My overnight anxiety lingered and prompted me as it always does to bread and butter and peanut butter, I love the fats and the dough. At least I began with sliced green apple (an uncommonly small one from a plastic bag of uncommonly small Granny apples) and ten Golden berries (whatever they are). Probably just sugar. Then two small bowls of granola with honey and walnuts. More fat. More sugar.
I had to go for my bike ride. I had to go. Brushed back my hair, put on my shoes and headed to the garage. I was too preoccupied to notice the warm late summer air. The sky was blue, yellow sunshine, didn’t really matter. Just went to the end of Country Street and back. No time for dawdling the morning. Must see mother and get her to sign that paper.
Yesterday was spent entirely at the Heart Institute, close to twelve hours from start to finish. His Lordship had three stents put into his coronary arteries. Amazingly our self-styled empty agenda backed up completely and upon our return home we both worked late into the evening to quell the riot of neglect. We were drained as a result but hadn’t the luxury to rejoice in our accomplishments. There were still matters to address.
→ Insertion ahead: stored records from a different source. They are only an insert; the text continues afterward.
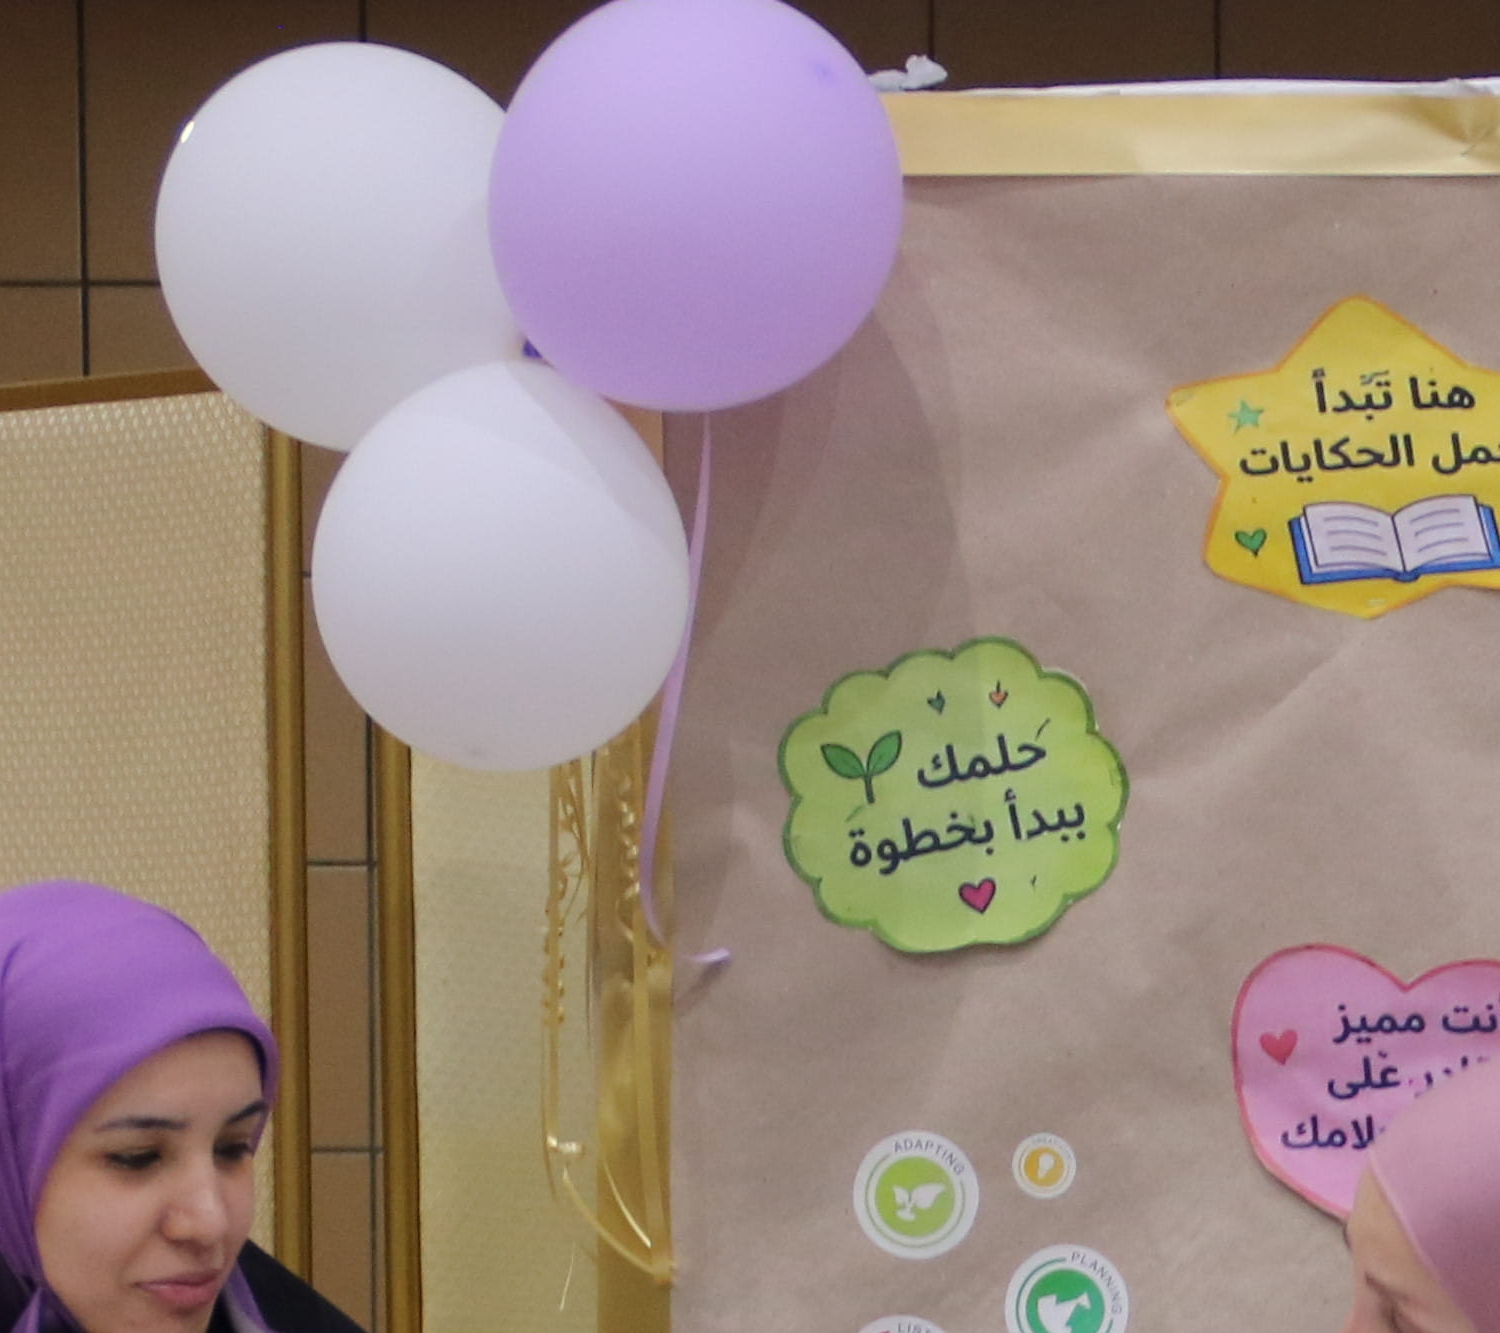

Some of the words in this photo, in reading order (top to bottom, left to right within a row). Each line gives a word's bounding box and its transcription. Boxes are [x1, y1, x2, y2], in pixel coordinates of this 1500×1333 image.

[1409, 376, 1476, 411] هنا
[1239, 433, 1415, 483] الحكايات
[1003, 787, 1086, 841] يبدأ
[848, 811, 995, 876] بخطوة
[1332, 1004, 1426, 1044] مميز
[894, 1138, 965, 1176] ADAPTING
[1071, 1251, 1123, 1314] PLANNING
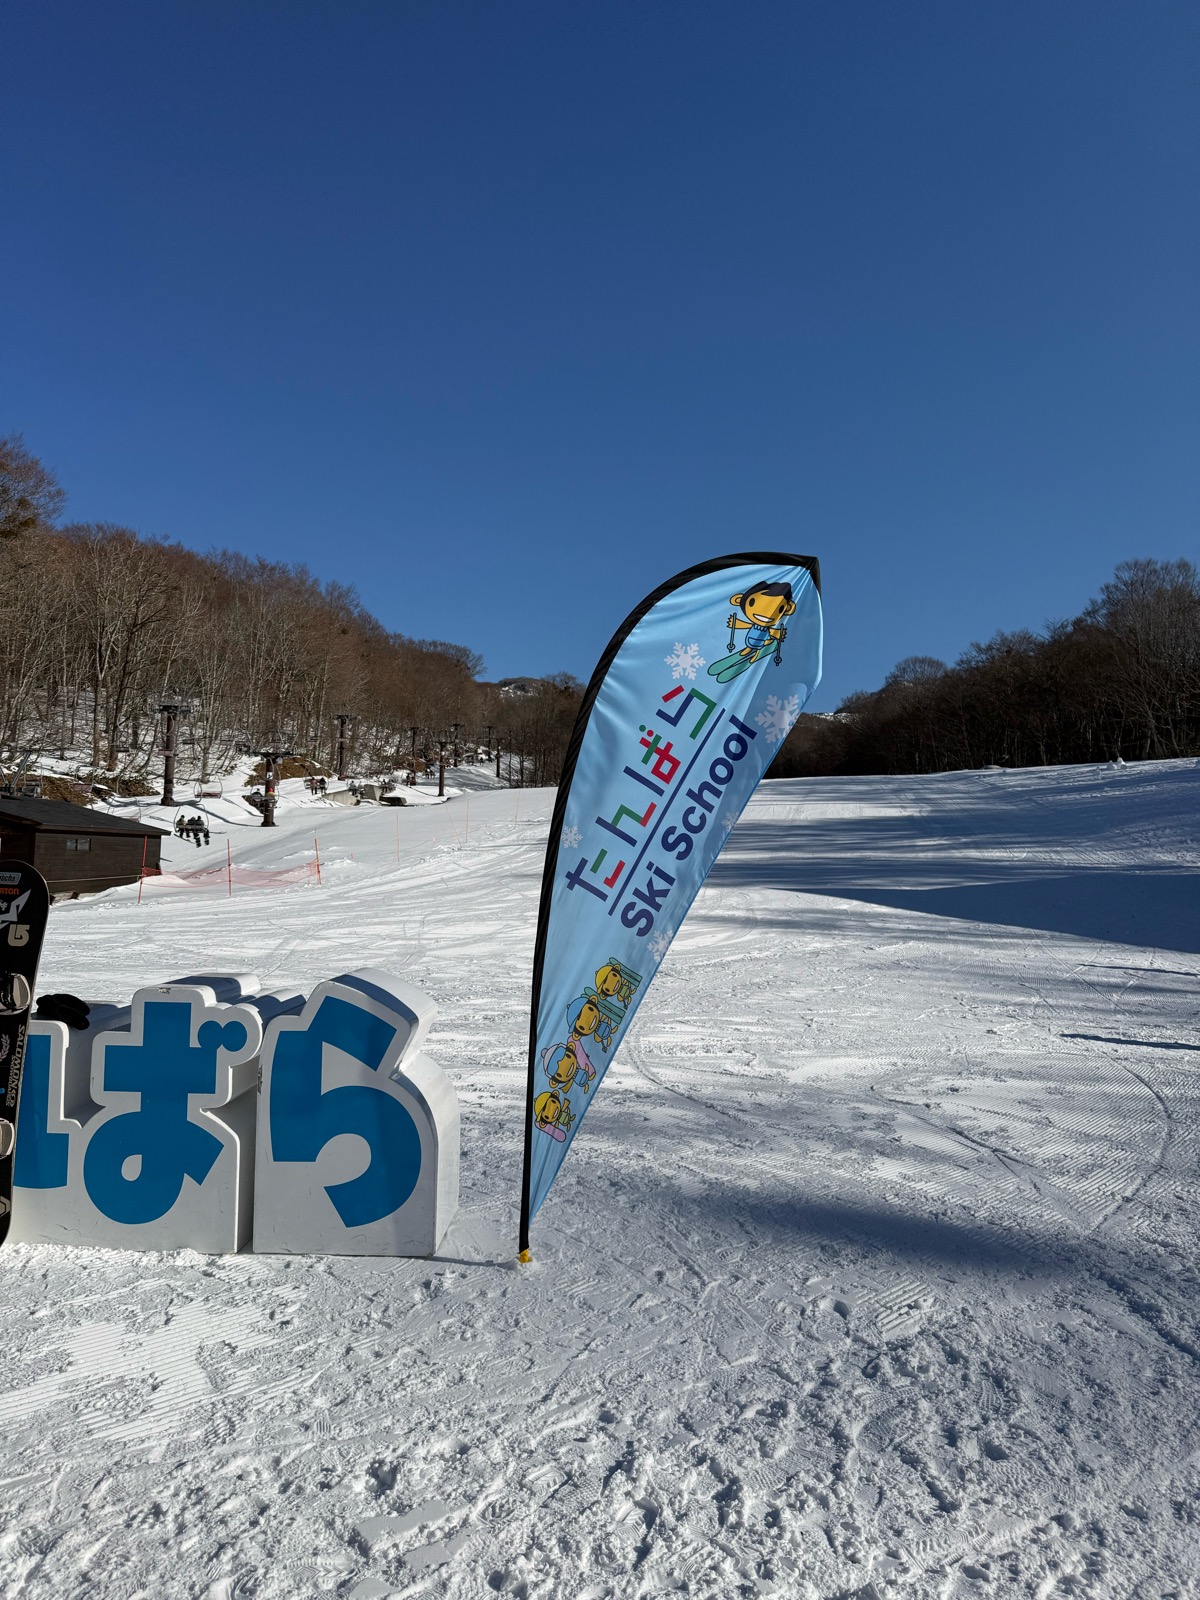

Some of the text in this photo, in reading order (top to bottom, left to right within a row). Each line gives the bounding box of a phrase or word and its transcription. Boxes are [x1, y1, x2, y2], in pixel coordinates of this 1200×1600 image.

[565, 685, 717, 902] たんばら
[620, 714, 758, 937] Ski School
[13, 1023, 25, 1089] SALOMON
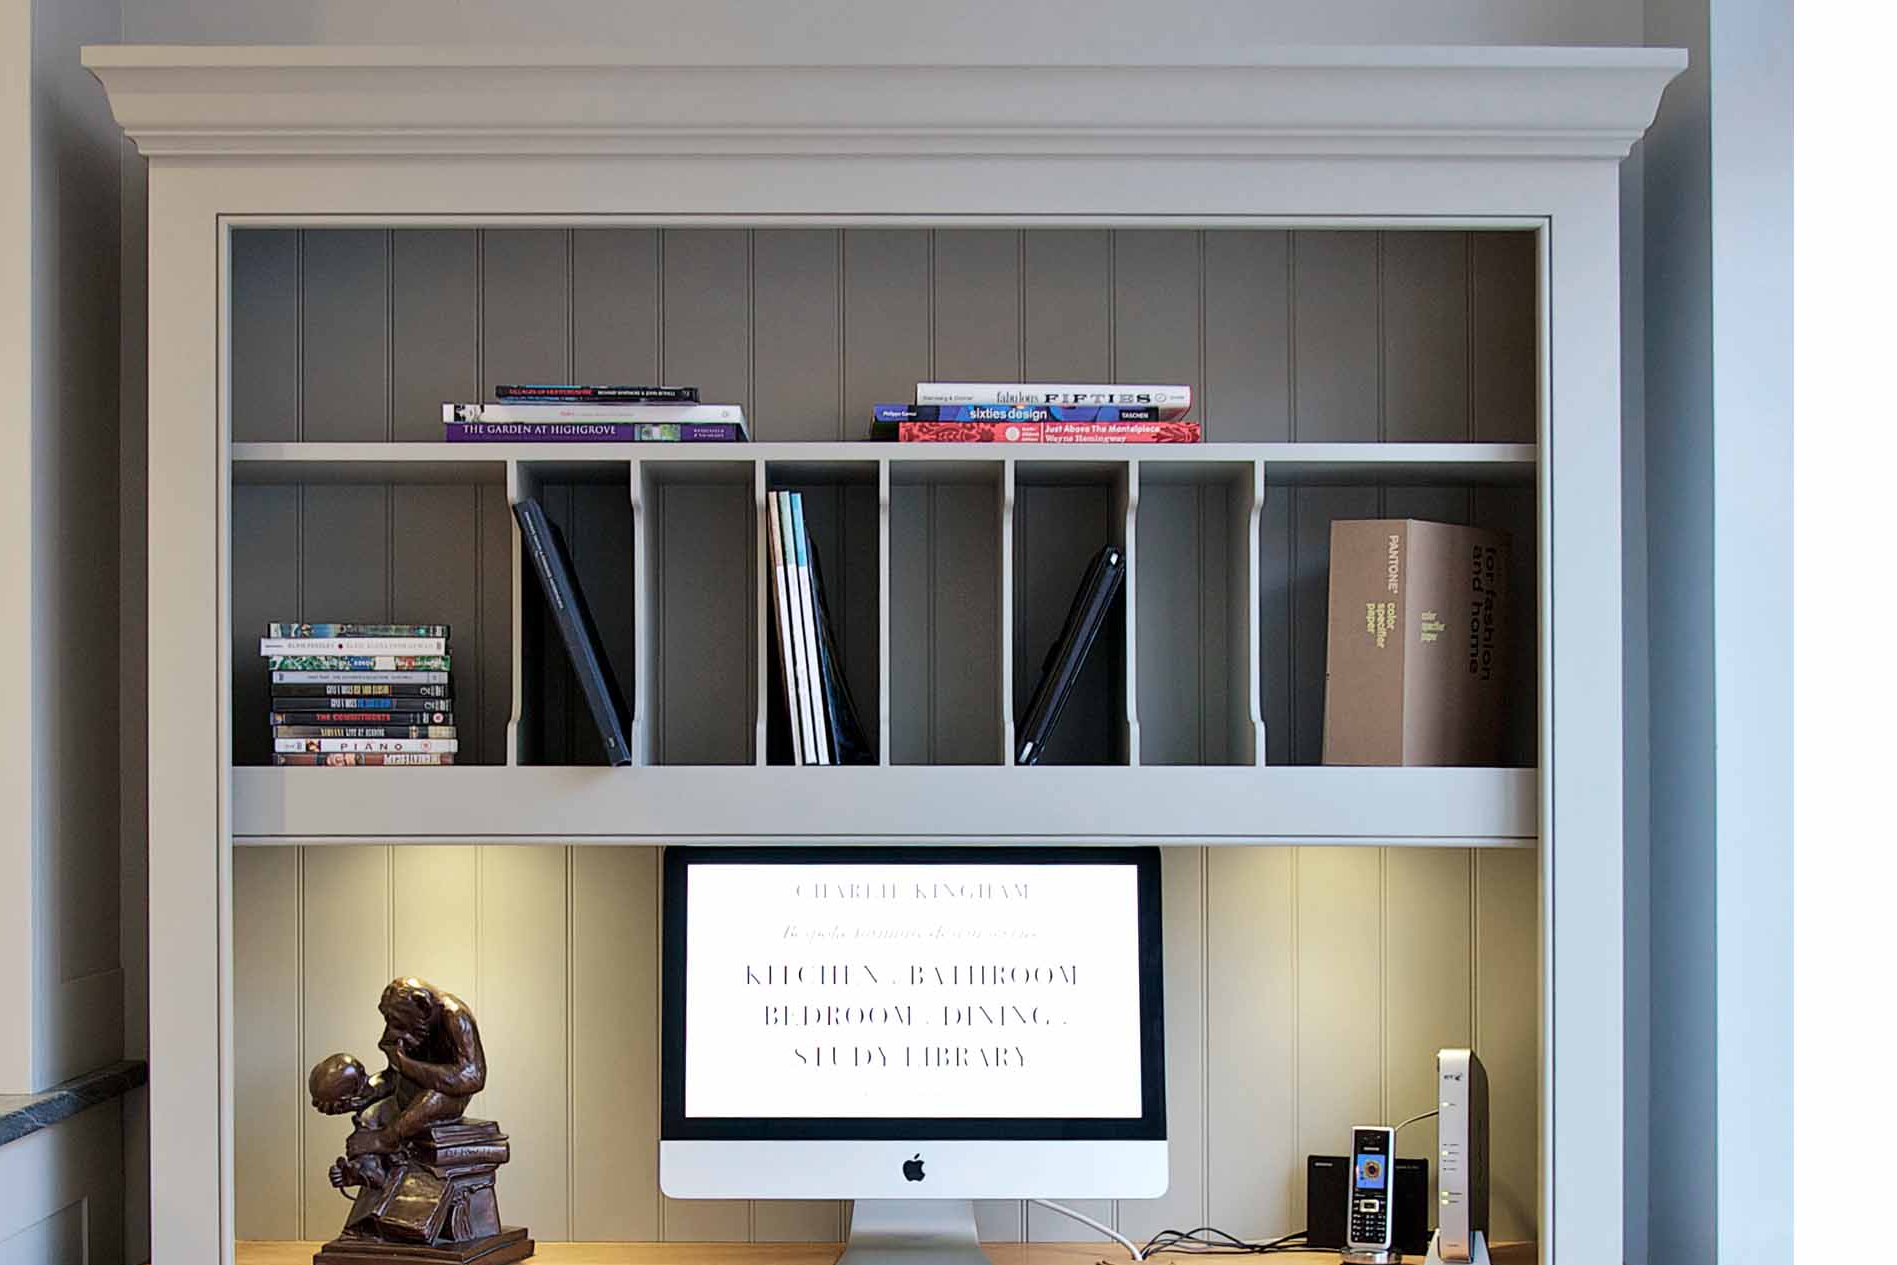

For four hours this afternoon I bargained relentlessly with bureaucracy to subdue the latest blip in my inconsequential schedule. I will not be defeated by mandarins or triviality. As unremitting and irritating as I may be when prosecuting a claim, I will not absorb the shortcomings of others. But it requires method and ceaseless pressure. And from more than one front. It’s a strategy of attack.
I can’t pretend to have defeated the monster that numbs me. But I’ve backed it into a corner and surrounded it by a militia of advisors. I continue to spur them on. They resist as always, caught in the tangle of their own schema, but I make quiet suggestions, reiterated for emphasis, germinating ideas like seeds cast abroad.
Post Scriptum
In what feels like an instant the dilemma is resolved! As soon as the consternation evaporates the chains slip away and I hardly recall the reason for the anxiety. What joy it is to recover my unperturbed, uncomplicated life! The relief of stress was so palpable that instantly my back felt less rigid, my knees worked and my legs didn’t tingle. I have always known that stress is a killer but, like any pain, one needs to relive it to recall it. I question whether I am too focussed or obsessive ever to tolerate an admixture of worries, whether I am prohibited to deal with anything but the roadblock that is immediately before me. The problem however isn’t either the problem or the multiplicity of problems; it is the incapacity to address their resolution. If I am constantly prevented or thwarted in my attempt to deal with a problem – whether because of bureaucratic inertia or lack of will – I am quickly reduced to utter frustration. No doubt the root of the matter is impatience, something which has plagued me my entire life. But whenever I pretend to rise above my impatience I am usually rewarded only with a retribution, a discovery that my mistaken ambivalence merely squandered valuable time which was not being spent in the throes of getting something done but rather simply ignoring it.
Whatever! It hardly matters why or what! The point is, it’s taken care of!
And again – dammit!
I spoke too soon. The damn thing is on the fritz again. It didn’t even last 24 hours! The car is back at the dealership. I am stewing once again, wondering whether my prediction that they need to replace the entire computer will prove correct, how much longer must I wait, how many times must they drag me through this trial and error only to discover what I have told them from the beginning – get a new computer! It would take less time to build a rocket to the moon than to fuss with this trivial technological problem! I am pissed!